Cette construction géométrique, impalpable et éphémère qui traverse l’espace
pour se résoudre dans la bidimensionalité du plan est aussi une hypothèse
cosmologique.
I. le faisceau
1973 : Anthony McCall produit son premier « film de lumière solide » (Solid
Light Film) sobrement intitulé Line describing a cone, constitué d’une simple
ligne circulaire tracée au compas sur de la pellicule de film 16 mm, qui met
une vingtaine de minutes à se former. Le film est projeté dans un espace ouvert
(sans sièges ni cabines) et dans la fumée, de sorte que l’on voit
progressivement se former le cône du faisceau lumineux qui prend dans
l’atmosphère brumeuse de la salle une consistance matérielle : L’événement
filmique n’est plus l’image projetée, mais la projection elle-même.
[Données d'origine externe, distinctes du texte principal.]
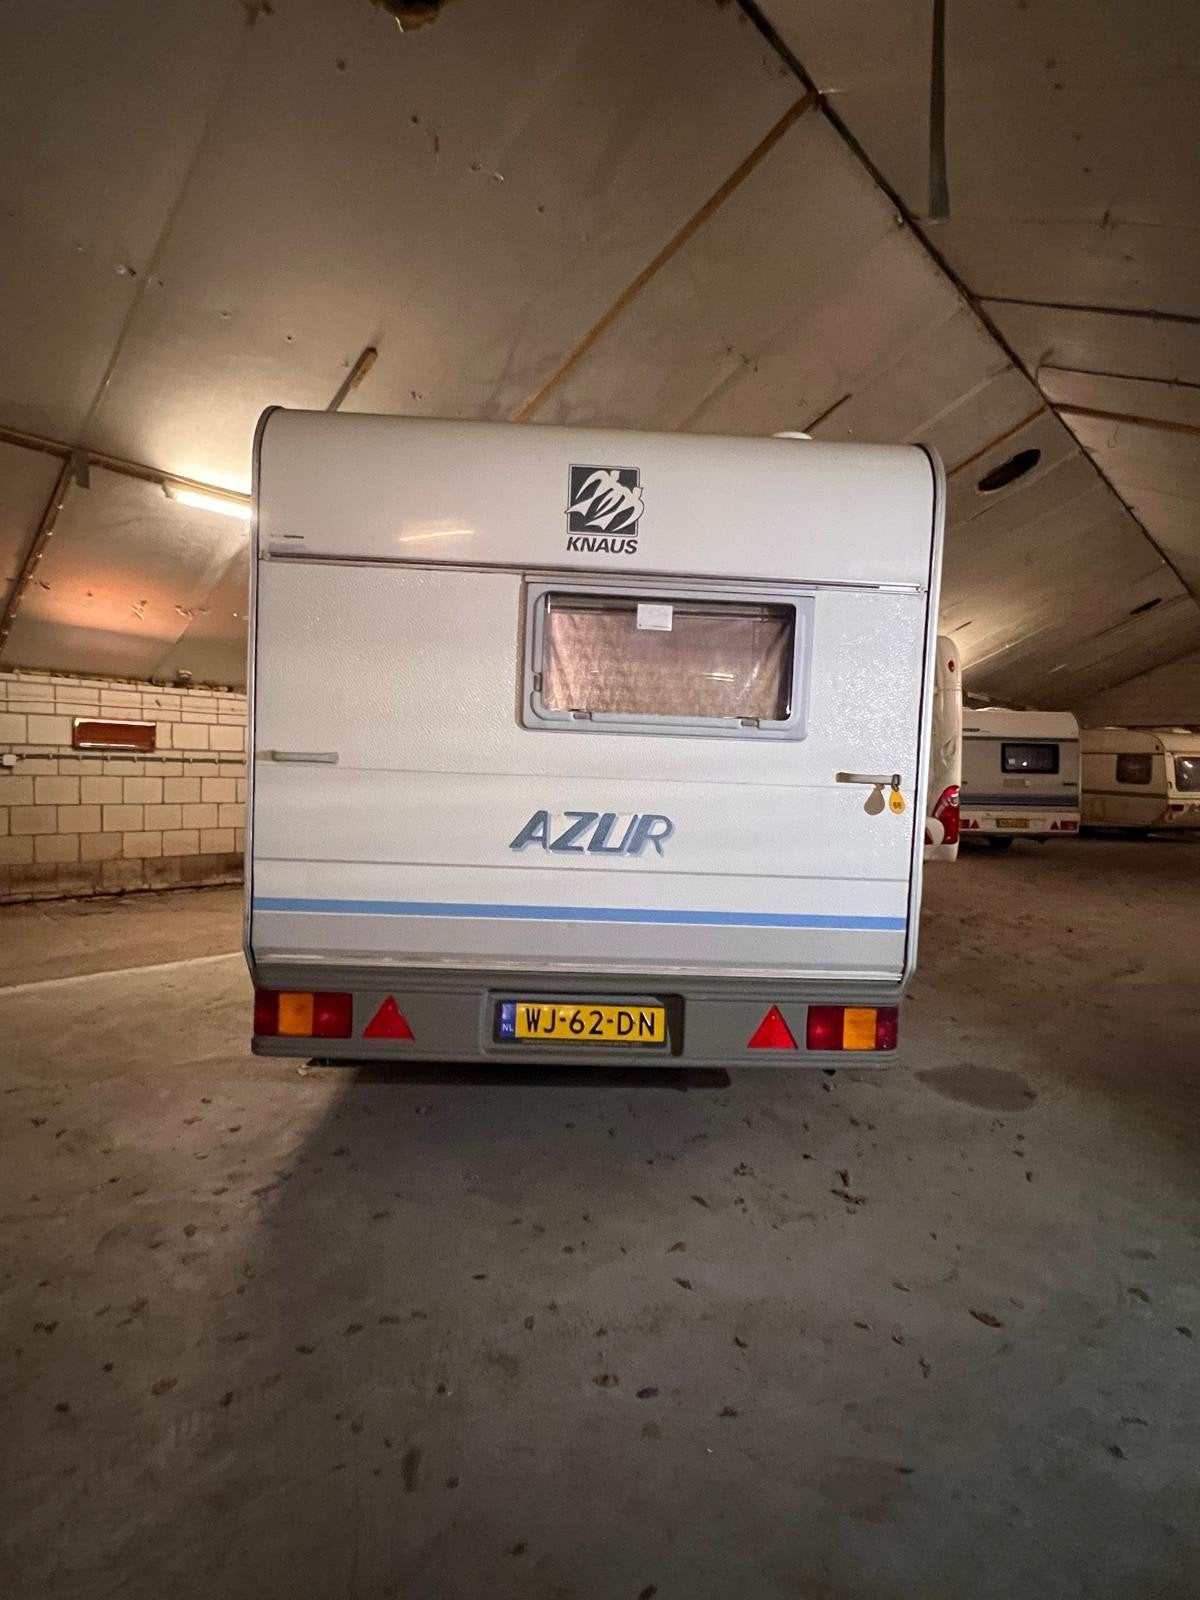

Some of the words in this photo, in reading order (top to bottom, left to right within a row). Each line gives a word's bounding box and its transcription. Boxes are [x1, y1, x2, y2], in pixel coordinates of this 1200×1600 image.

1974 : Gordon Matta-Clark investit un immeuble jouxtant le site du futur Centre
Pompidou à Paris. En hommage à l’œuvre de McCall, il pratique sur plusieurs
étages une cavité circulaire ouvrant sur le vide. La pièce sera photographiée
et filmée avant que l’immeuble ne soit détruit pour laisser place, par un
retournement ironique qui ne devait pas déplaire à l’artiste, à un musée d’art
moderne et contemporain.
1996 : Pierre Huyghe projette sur la façade de l’immeuble du quartier de
l’horloge construit au lieu où s’élevait le bâtiment creusé par Matta-Clark,
une photographie de la performance de l’artiste : dans la performance de Pierre
Huyghe, dont il reste une trace photographique, l’œuvre de Matta-Clark se
dématérialise et se transforme en faisceau lumineux, revenant ainsi au modèle
originel que constituait le Solid Light Film de McCall.
II. l’écran
Hiroshi Sugimoto, Drive in
Sur les écrans des Drive in photographiés par Hiroshi Sugimoto à Culver City et
à Orange, plus rien ne vient altérer la blancheur éblouissante des écrans : non
pas que rien n’y apparaisse, mais au contraire parce que les temps de pose
démesurés (qui correspondent à la durée de projection d’un film de
long-métrage) renvoient tous les points de la surface saturée de lumière à une
sorte de nullité originelle.
Montage
La technique du montage n’est pas réservée aux arts « temporels », film et
vidéo : elle fait retour dans la photographie, la sculpture, ou la peinture. La
métaphore industrielle, engrenages et chaînes d’assemblage devient alors un
procédé usuel pour décrire les propriétés dynamiques et le mouvement des
surfaces.
Machine
Avec la culture de la numérisation, le dispositif mécanique de la projection
disparait de l’expérience cinématographique. Le projecteur revient alors dans
l’espoace d’exposition sous forme d’installation, transformé en sculpture.
Cadence
Le dispositif cinématographique repose sur la discontinuité du ruban filmique,
divisé en séries de photogrammes, dont la projection intermittente, à une
cadence déterminée (usuellement 24 images par seconde), produit une illusion de
continuité. L’invention de dispositifs syncopés permet de produire des effets
de défilement discontinu qui en appellent à l’expérience cinématographique
indépendamment de l’appareillage technique du cinéma. La reprise sérielle du
motif donne naissance à un nouveau type d’organisation de la surface qui se
substitue à la composition classique des formes.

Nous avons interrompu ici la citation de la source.